Secondly, we can use metagenomics for diagnostic purposes. This approach involves extracting and sequencing all the DNA from a sample. Clinical specimens will contain variable amounts of human DNA, which may create genetic privacy issues. Human DNA may also swamp the microbial DNA, although with extremely high depth of coverage, sufficient microbial DNA sequences could, at least theoretically, be recovered to reconstruct genomes. However, using current sequencing technologies, metagenomics is still a long way from providing genome-scale information for each member of a microbial community equivalent to that obtained from microorganisms isolated in pure culture. For this approach to come of age, we need a sequencing platform that combines speed and cost-effectiveness with very long read lengths and extremely high throughput - a plausible, but not certain, prospect for the coming decade.

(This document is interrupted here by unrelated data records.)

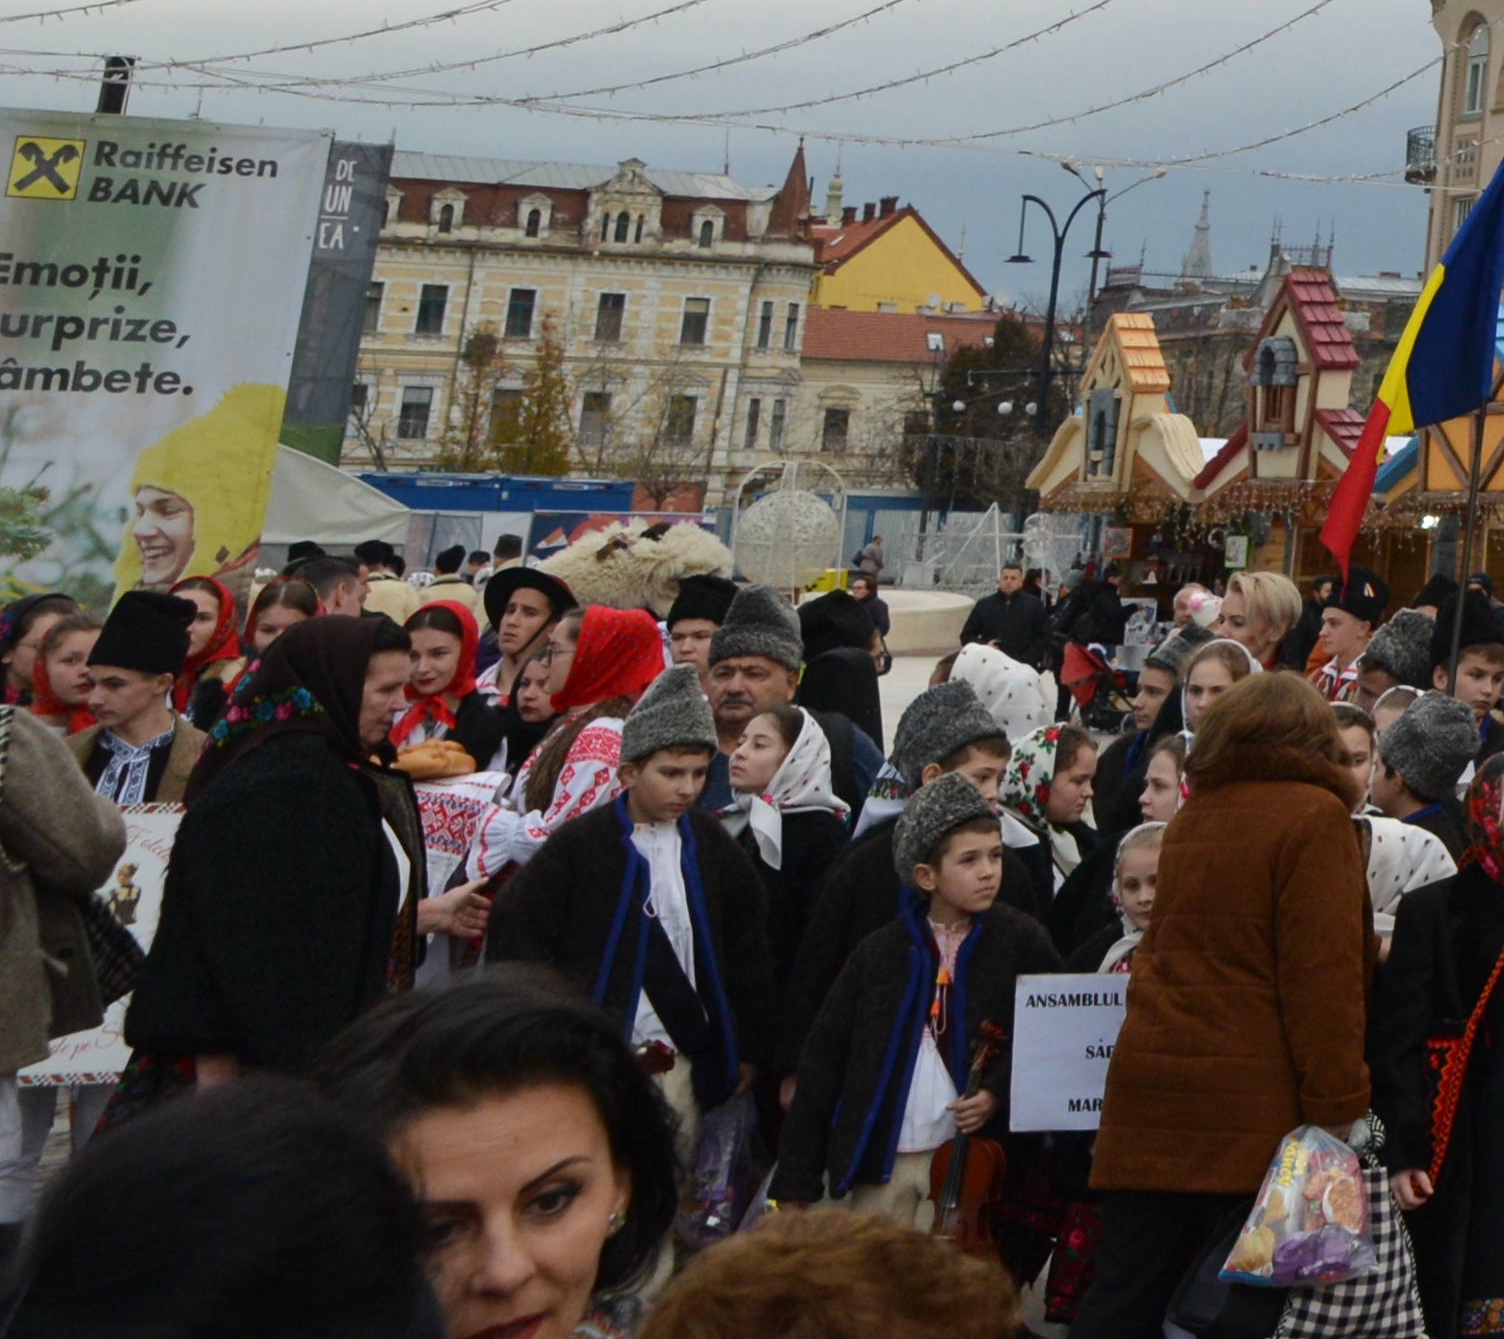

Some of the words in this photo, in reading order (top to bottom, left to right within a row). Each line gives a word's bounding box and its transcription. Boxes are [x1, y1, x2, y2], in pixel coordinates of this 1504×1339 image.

[94, 140, 279, 179] Raiffeisen
[87, 176, 207, 209] BANK
[0, 305, 191, 349] urprize,
[0, 357, 194, 396] âmbete.
[1025, 992, 1124, 1008] ANSAMBLUL
[1068, 1098, 1103, 1113] MAR

Metatranscriptomics - extracting RNA and then creating and sequencing cDNA - provides a third way forward. This approach has already proven successful in the discovery of new viral pathogens and can also be used to investigate the activities of bacterial communities [9]. Human RNA will also be found in clinical samples sent for microbiological investigation. However, instead of dismissing this as mere contamination, analysis of human transcripts in such samples is likely to provide additional information about a patient's condition. For example, a transcriptional profile associated with inflammation might provide evidence of infection rather than just colonization at a given body site.

A fourth option is to abandon attempts to sequence nucleic acids isolated from whole populations, but instead to use cell sorting or allied techniques to isolate and genome-sequence sub-populations or, in extremis, single cells. Such approaches have proven successful in the research environment, but seem a remote prospect in the clinical laboratory [10]. How soon before we can obtain a chlamydial genome sequence from a urine sample or a mycobacterial genome sequence from a few millilitres of cerebrospinal fluid?

So, will high-throughput sequencing render culture-based approaches redundant? Here, we face another chorus of caveats, centred on the fact that it is not always possible to predict phenotype from genotype. In some cases - for example, sensitivity testing in tuberculosis - we already have a good evidence base on which to judge whether a given mutation is likely to lead to resistance. Similarly, detection of sequences encoding enzymes associated with virulence (such as Shiga toxin) or resistance (such as an extended-spectrum beta-lactamase) will have reasonable predictive value. But one has to remember that many differences in phenotype rely on subtle changes in expression, often of multiple genes, and that a single base-pair change in a promoter or coding sequence can ablate the function of a gene or its associated protein. Therefore, it would be foolish to imagine that sequencing will replace culture for every application in clinical bacteriology. Instead, just as radio survived the advent of TV, culture will remain a part of the discipline, but widespread adoption of sequence-based approaches might mean that it becomes restricted to a limited number of settings.

In conclusion, there are many rivers to cross before medical microbiology becomes simply a branch of genomic medicine, but perhaps the promised land is in sight.